[Saved data entries]
--- START ---
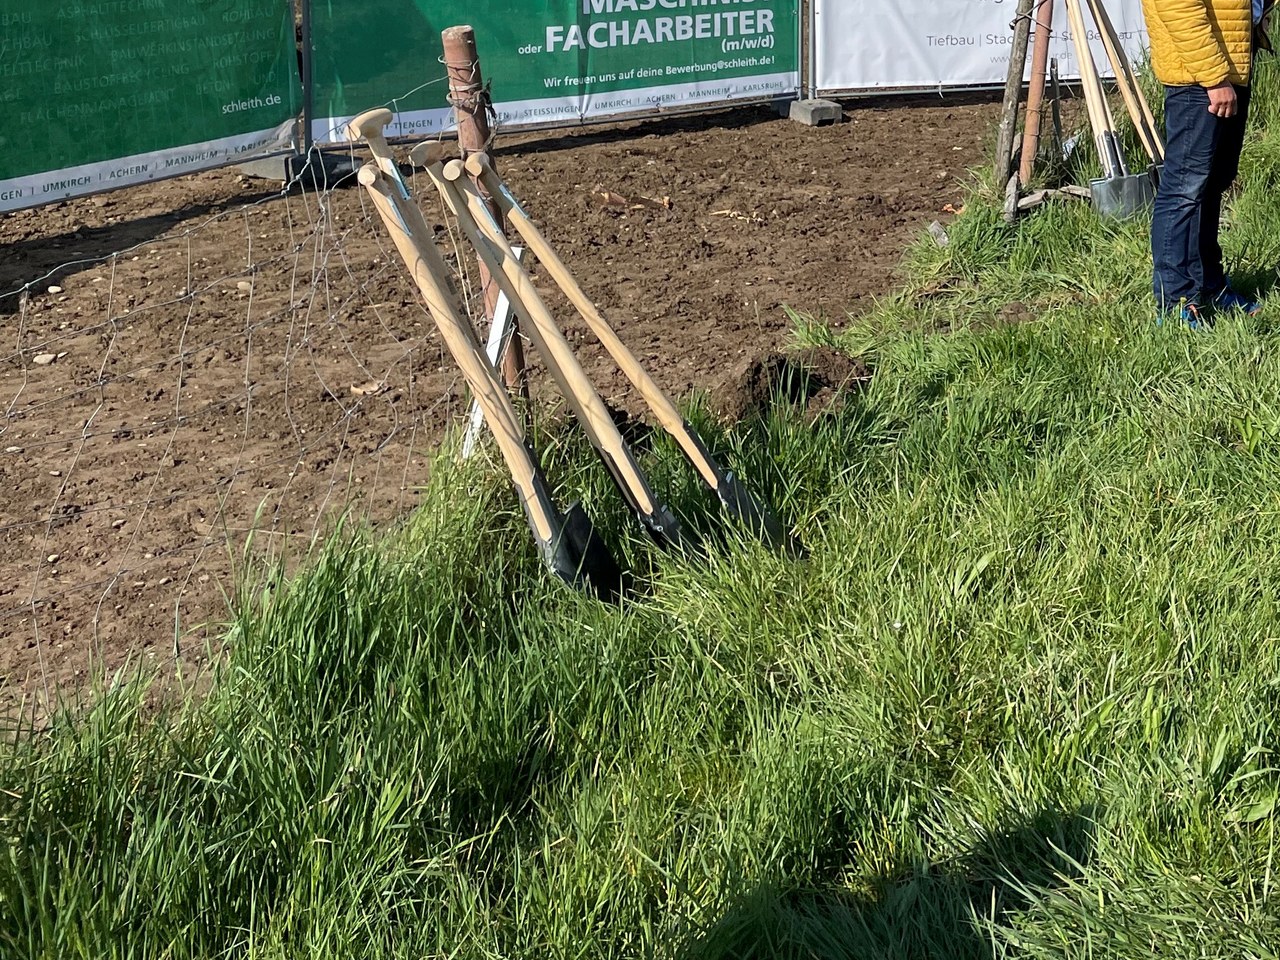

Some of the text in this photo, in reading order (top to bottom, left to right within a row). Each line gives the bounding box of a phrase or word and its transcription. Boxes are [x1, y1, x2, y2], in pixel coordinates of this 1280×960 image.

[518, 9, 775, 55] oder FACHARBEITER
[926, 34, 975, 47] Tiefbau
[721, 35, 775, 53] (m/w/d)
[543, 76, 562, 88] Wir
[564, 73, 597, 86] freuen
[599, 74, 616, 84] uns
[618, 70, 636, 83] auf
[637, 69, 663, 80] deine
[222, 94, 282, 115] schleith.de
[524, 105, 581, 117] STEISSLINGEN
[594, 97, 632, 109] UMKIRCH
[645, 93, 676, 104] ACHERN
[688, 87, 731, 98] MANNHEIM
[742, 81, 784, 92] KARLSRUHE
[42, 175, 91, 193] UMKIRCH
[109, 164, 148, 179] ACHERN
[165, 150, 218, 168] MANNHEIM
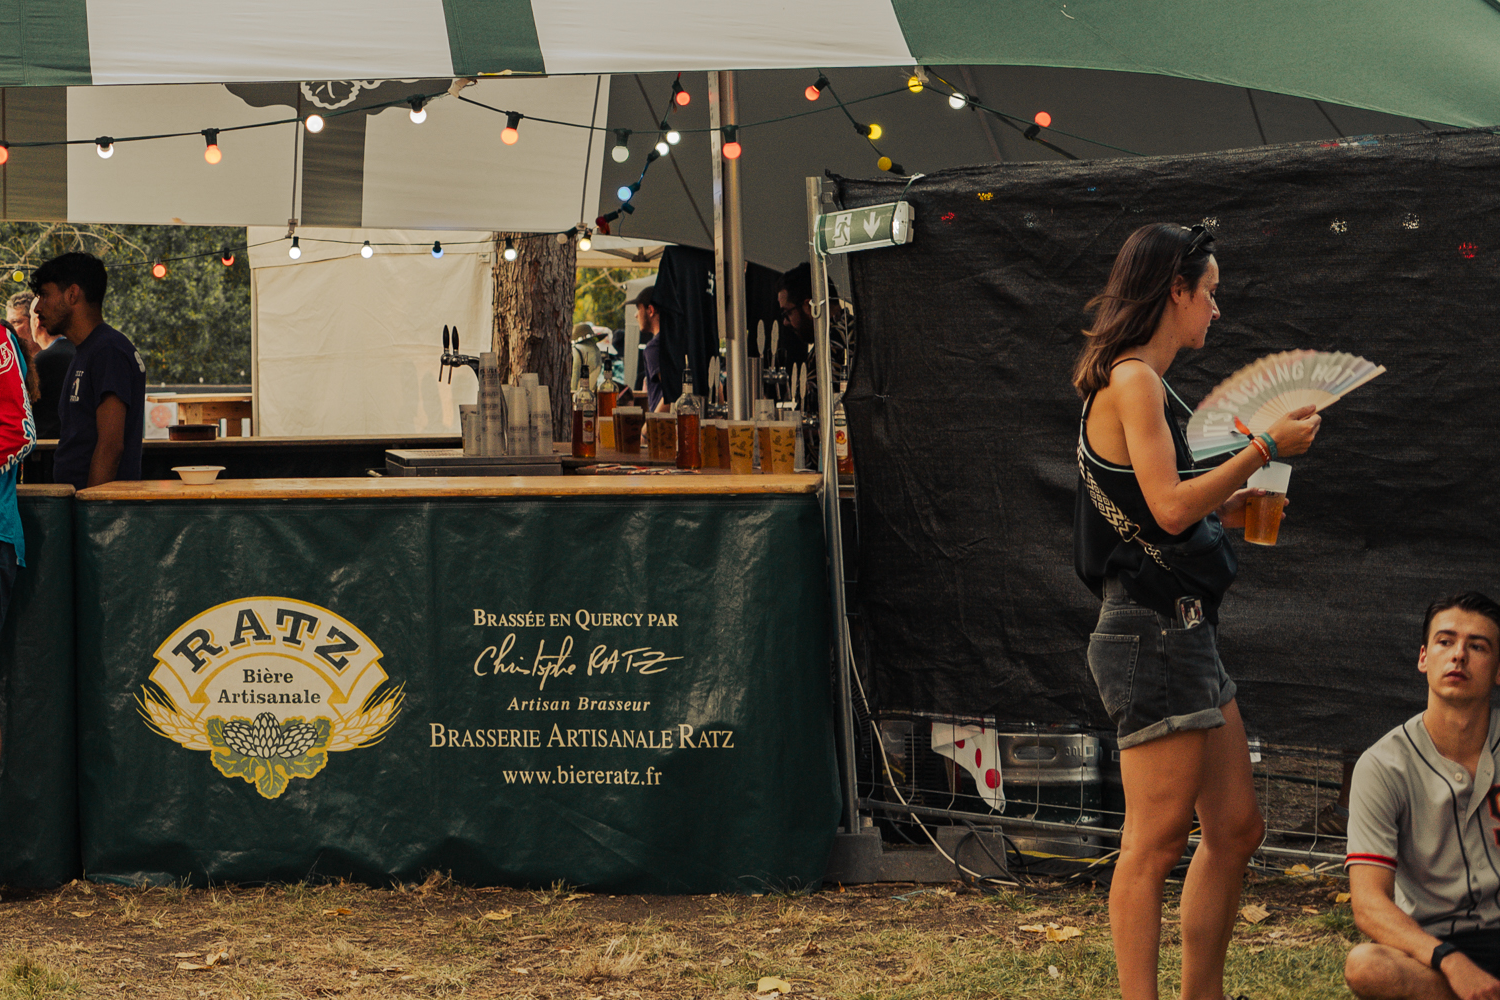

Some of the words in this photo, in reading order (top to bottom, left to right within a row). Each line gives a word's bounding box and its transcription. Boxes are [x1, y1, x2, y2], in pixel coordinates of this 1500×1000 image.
--- END ---
* **Exercise prompt**:
Return every line of the records exactly as given, pictures excluded.

* **Response to the exercise**:
Some of the text in this photo, in reading order (top to bottom, left to right within a row). Each line gives the bounding box of a phrase or word and its transcription. Boxes are [x1, y1, x2, y2], in pixel coordinates of this 1280×960 image.

[518, 9, 775, 55] oder FACHARBEITER
[926, 34, 975, 47] Tiefbau
[721, 35, 775, 53] (m/w/d)
[543, 76, 562, 88] Wir
[564, 73, 597, 86] freuen
[599, 74, 616, 84] uns
[618, 70, 636, 83] auf
[637, 69, 663, 80] deine
[222, 94, 282, 115] schleith.de
[524, 105, 581, 117] STEISSLINGEN
[594, 97, 632, 109] UMKIRCH
[645, 93, 676, 104] ACHERN
[688, 87, 731, 98] MANNHEIM
[742, 81, 784, 92] KARLSRUHE
[42, 175, 91, 193] UMKIRCH
[109, 164, 148, 179] ACHERN
[165, 150, 218, 168] MANNHEIM

Some of the words in this photo, in reading order (top to bottom, left to right within a row). Each line gives a word's bounding box and its transcription. Boxes are [x1, y1, x2, y2], in pixel coordinates of this 1500×1000 image.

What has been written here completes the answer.